Eppure in Italia ci ritroviamo con un governo, dove la presidente del Consiglio vanta presunte corsie privilegiate che porterebbero all’imbarazzante tycoon, mentre l’Italia è rimasta fuori dal gruppo di testa dell’Europa; dove un vice-presidente continua ad esibirsi in relazioni ravvicinate con Putin e contro l’Europa, mentre l’altro vice-presidente filoeuropeo, anche per il suo passato, sembra isolato. Si tagliano servizi essenziali, garantiti dalla Costituzione e dalle leggi di attuazione, come la sanità e la scuola. Si confondono le carte. Il Quirinale ha mosso rilievi sacrosanti al decreto legge che introduce nuove modifiche al codice dei contratti pubblici, una legge ad hoc per il pericoloso ponte di Messina, in pratica, un annacquamento dei controlli sugli appalti, lasciato alla politica (il ministero dell’Interno), accantonando la solida legge ordinaria contro le infiltrazioni mafiose. Ma la narrazione si rovescia.
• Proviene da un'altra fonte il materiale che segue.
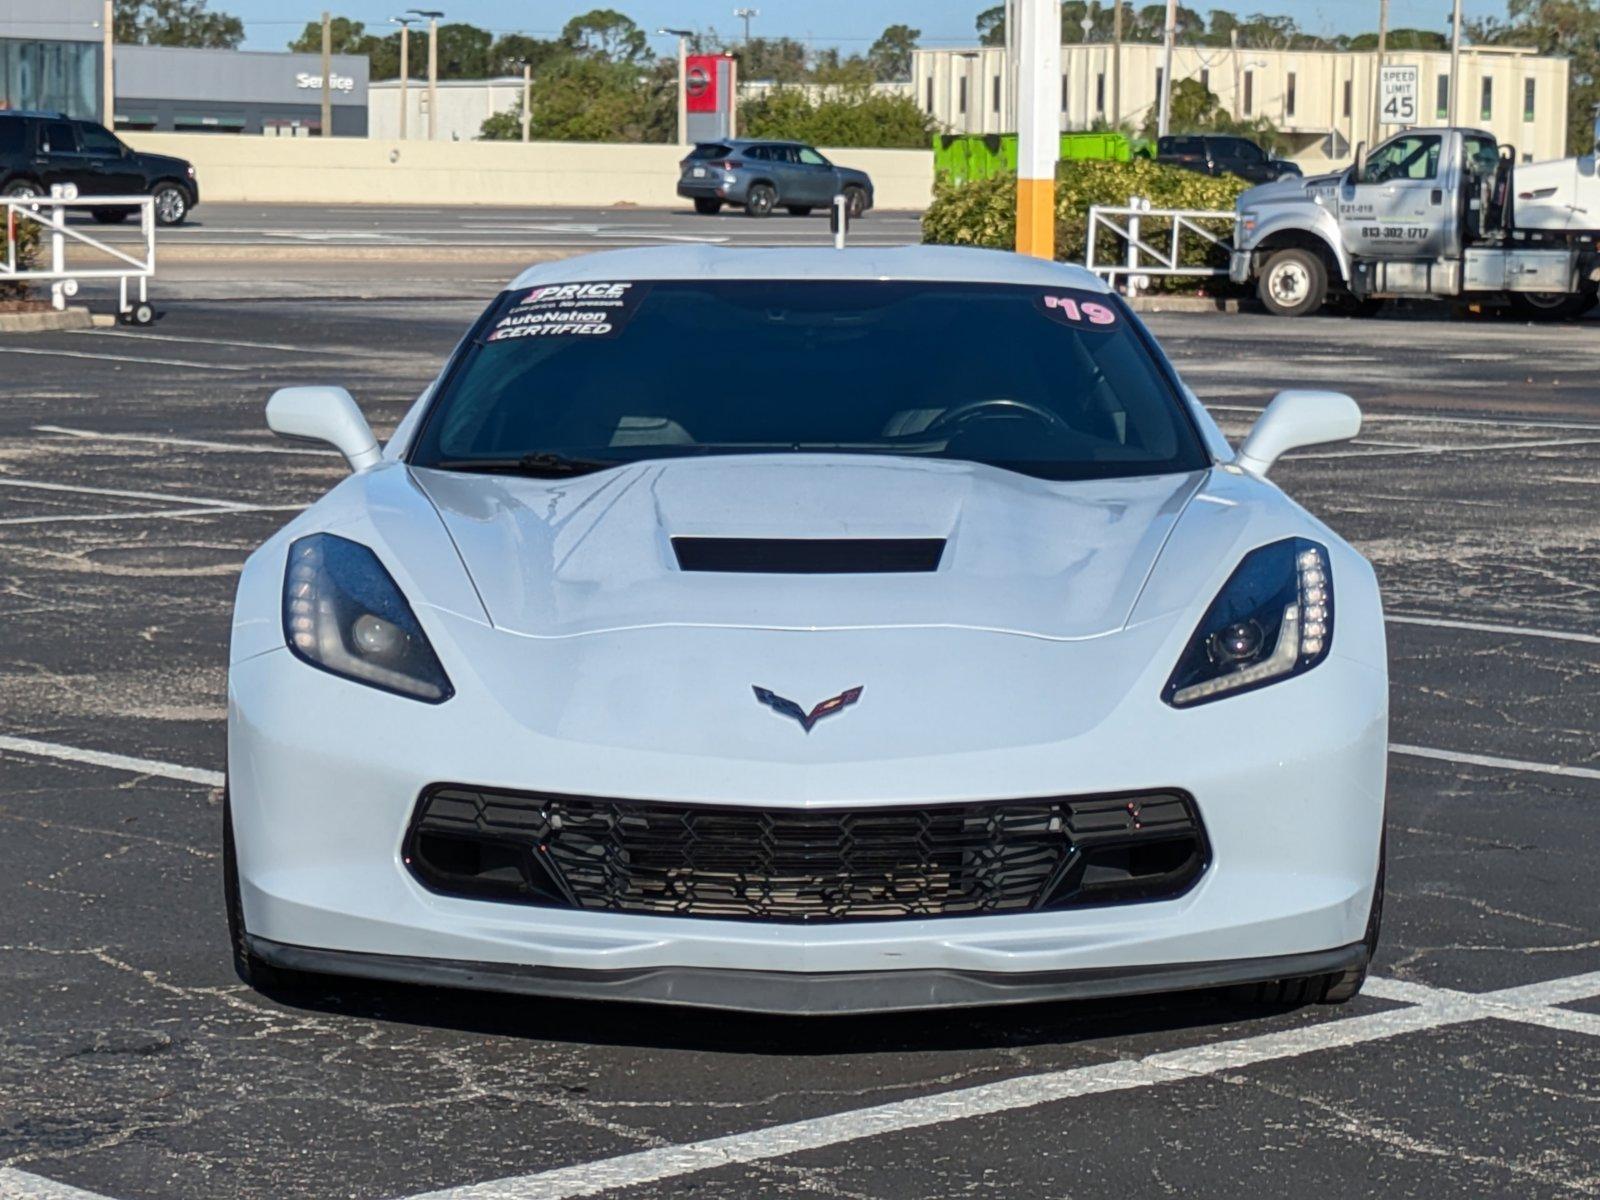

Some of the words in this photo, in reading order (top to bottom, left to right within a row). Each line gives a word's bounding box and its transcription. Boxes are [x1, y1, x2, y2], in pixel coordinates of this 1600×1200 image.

Nei talk e sui giornali, la propaganda leghista trova gli spazi per raccontare il contrario, promettendo battaglia.
Vale invece l’opposto per i referendum dell’8 e 9 maggio, che rappresentano la forma più diretta della democrazia, rispetto ai quali gli spazi di informazione non si trovano. Anzi, la propaganda si spinge fino all’invito a disertare il voto, arrivando a spendere il credito di istituzioni che dovrebbero essere per loro natura super partes. La lettura politica, in pratica, rinuncia alla sua responsabilità, nonostante l’evidenza delle pezze su un vestito vecchio, nell’incapacità di cucirne uno nuovo. Il dibattito non può essere rappresentato sempre come scontro, né le domande come proteste. «Disarmate le parole», ha detto il papa, incontrando i giornalisti. Invece è guerra. E l’ultima annotazione non può che riguardare Gaza e l’attacco criminale che da venti mesi Netanyahu ha scatenato non solo contro Hamas, ma contro l’intero popolo palestinese. Le notizie sulla tragedia più grave di questo inizio di secolo non possono guadagnare la prima pagina solo se una bomba israeliana colpisce una casa dove vivevano dieci bambini, figli di una pediatra palestinese, che stava lavorando in ospedale, uccidendone nove. Non si vende l’orrore. Ogni giorno a Gaza, sotto i colpi dell’esercito israeliano, per fame e mancanza di qualsiasi aiuto, muoiono decine di civili, soprattutto donne e bambini. Le notizie non passano, né si interviene. Il sopruso è talmente immenso che prevale il silenzio. Anzi, si ripete l’alchimia di far passare per vittima chi uccide. Lo dicono oramai tante voci in Israele, voci del mondo della cultura e della società civile, con i sondaggi che danno perdente il governo in carica alle prossime elezioni. Per la responsabilità, una sconfitta.